| Exercise |
Starting from the line containing "this 1200×1600 image.", write out the rest of the entries exactly, through the final line, including nothing else.

| Items from a dataset |

+ + + +

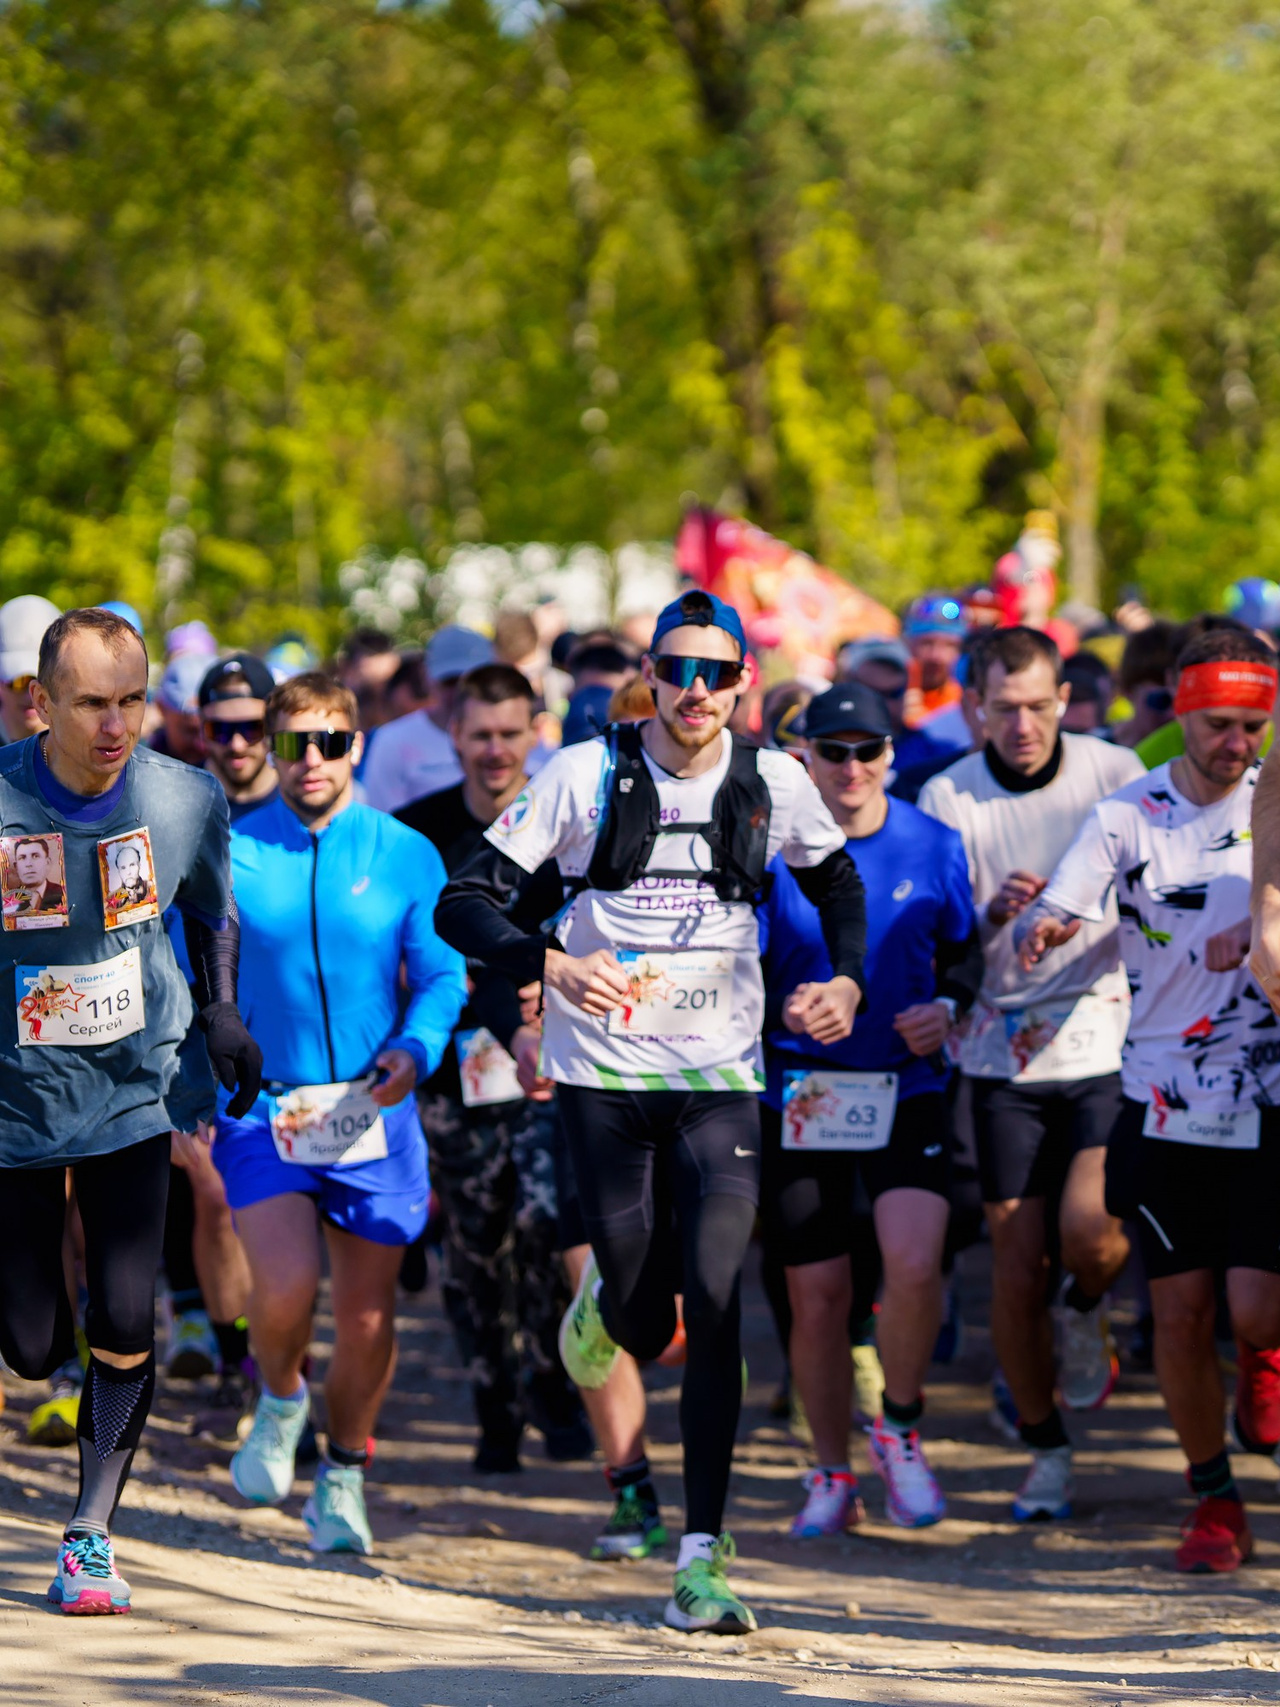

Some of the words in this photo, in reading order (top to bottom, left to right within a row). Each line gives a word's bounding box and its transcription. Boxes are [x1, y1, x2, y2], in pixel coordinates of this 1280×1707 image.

[74, 975, 104, 984] СПОРТ
[86, 989, 130, 1019] 118
[673, 988, 719, 1010] 201
[68, 1016, 123, 1037] Сергей
[327, 1112, 372, 1138] 104
[845, 1104, 878, 1127] 63
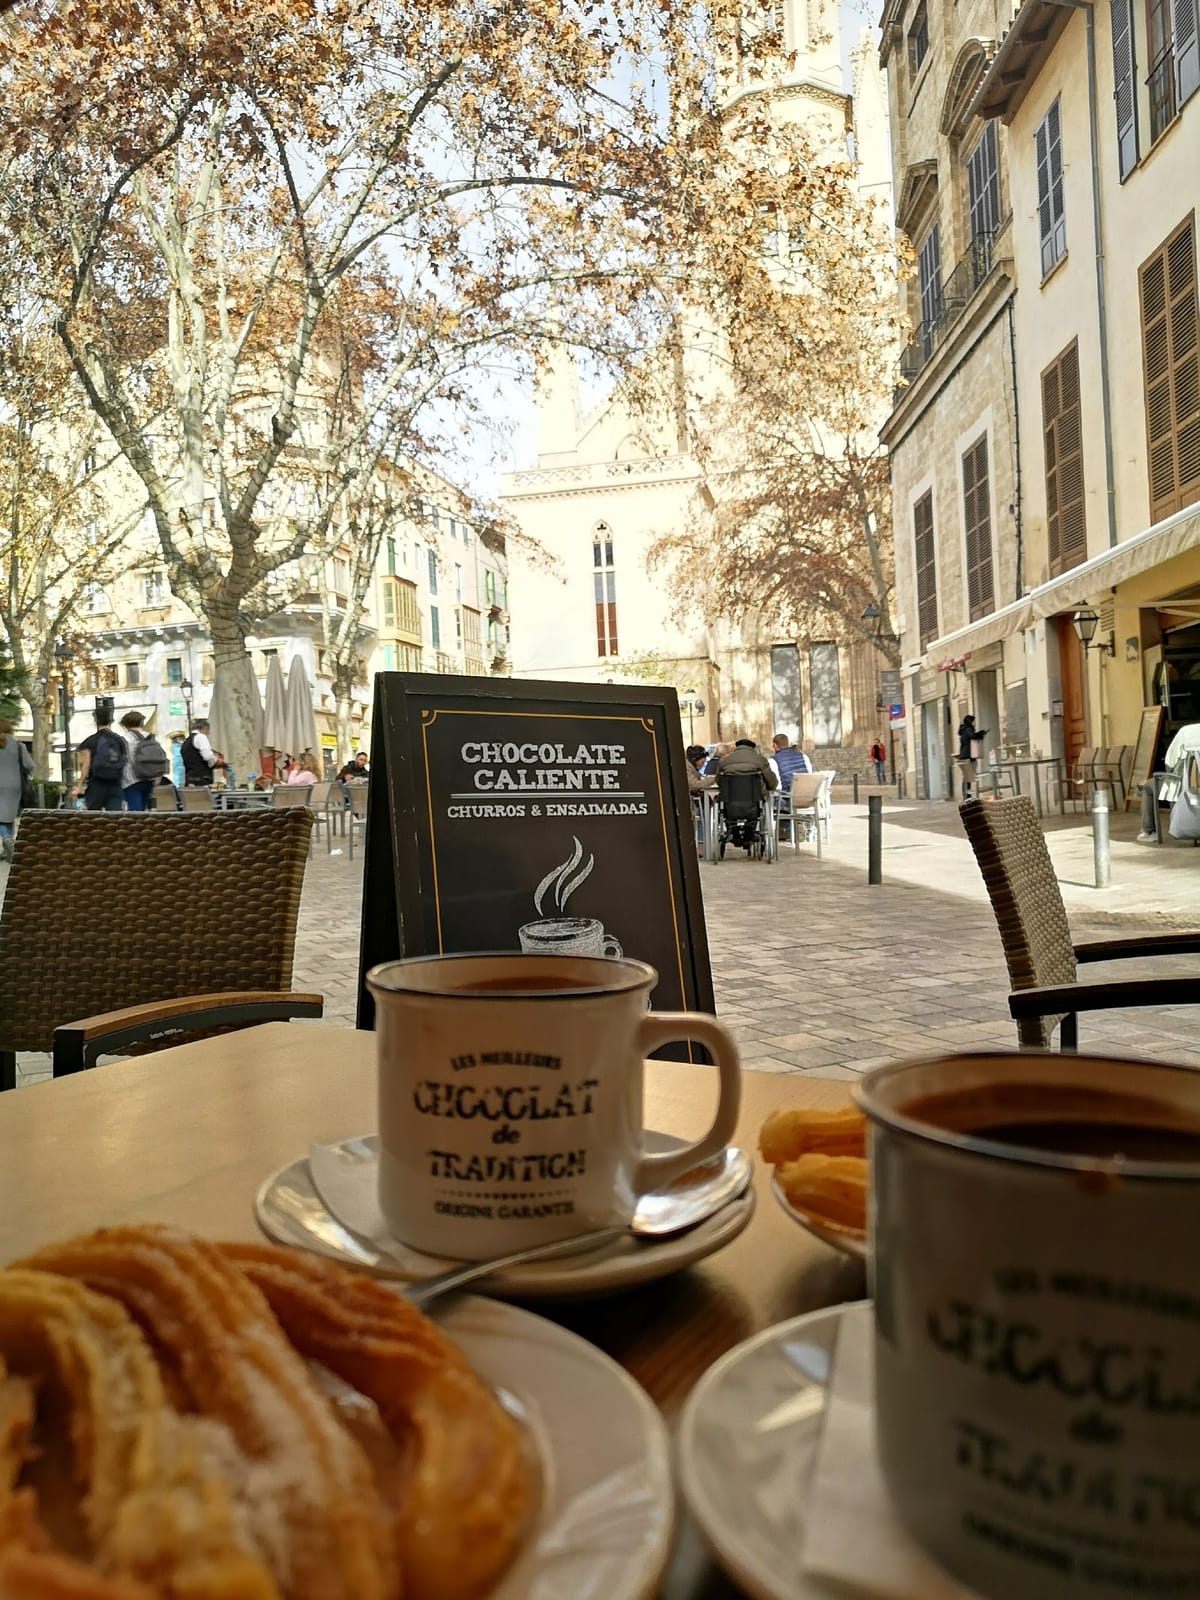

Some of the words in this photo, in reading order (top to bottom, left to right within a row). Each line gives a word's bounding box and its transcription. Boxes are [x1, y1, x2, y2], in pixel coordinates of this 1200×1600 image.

[461, 742, 626, 765] CHOCOLATE
[473, 769, 620, 790] CALIENTE
[447, 804, 526, 818] CHURROS
[531, 804, 542, 817] &
[545, 803, 648, 817] ENSAIMADAS
[413, 1079, 599, 1120] CHOCOLAT
[491, 1124, 521, 1144] de
[428, 1149, 586, 1182] TRADITION

+ + + +

| Written solution |
Some of the words in this photo, in reading order (top to bottom, left to right within a row). Each line gives a word's bounding box and its transcription. Boxes are [x1, y1, x2, y2], in pixel coordinates of this 1200×1600 image.

[461, 742, 626, 765] CHOCOLATE
[473, 769, 620, 790] CALIENTE
[447, 804, 526, 818] CHURROS
[531, 804, 542, 817] &
[545, 803, 648, 817] ENSAIMADAS
[413, 1079, 599, 1120] CHOCOLAT
[491, 1124, 521, 1144] de
[428, 1149, 586, 1182] TRADITION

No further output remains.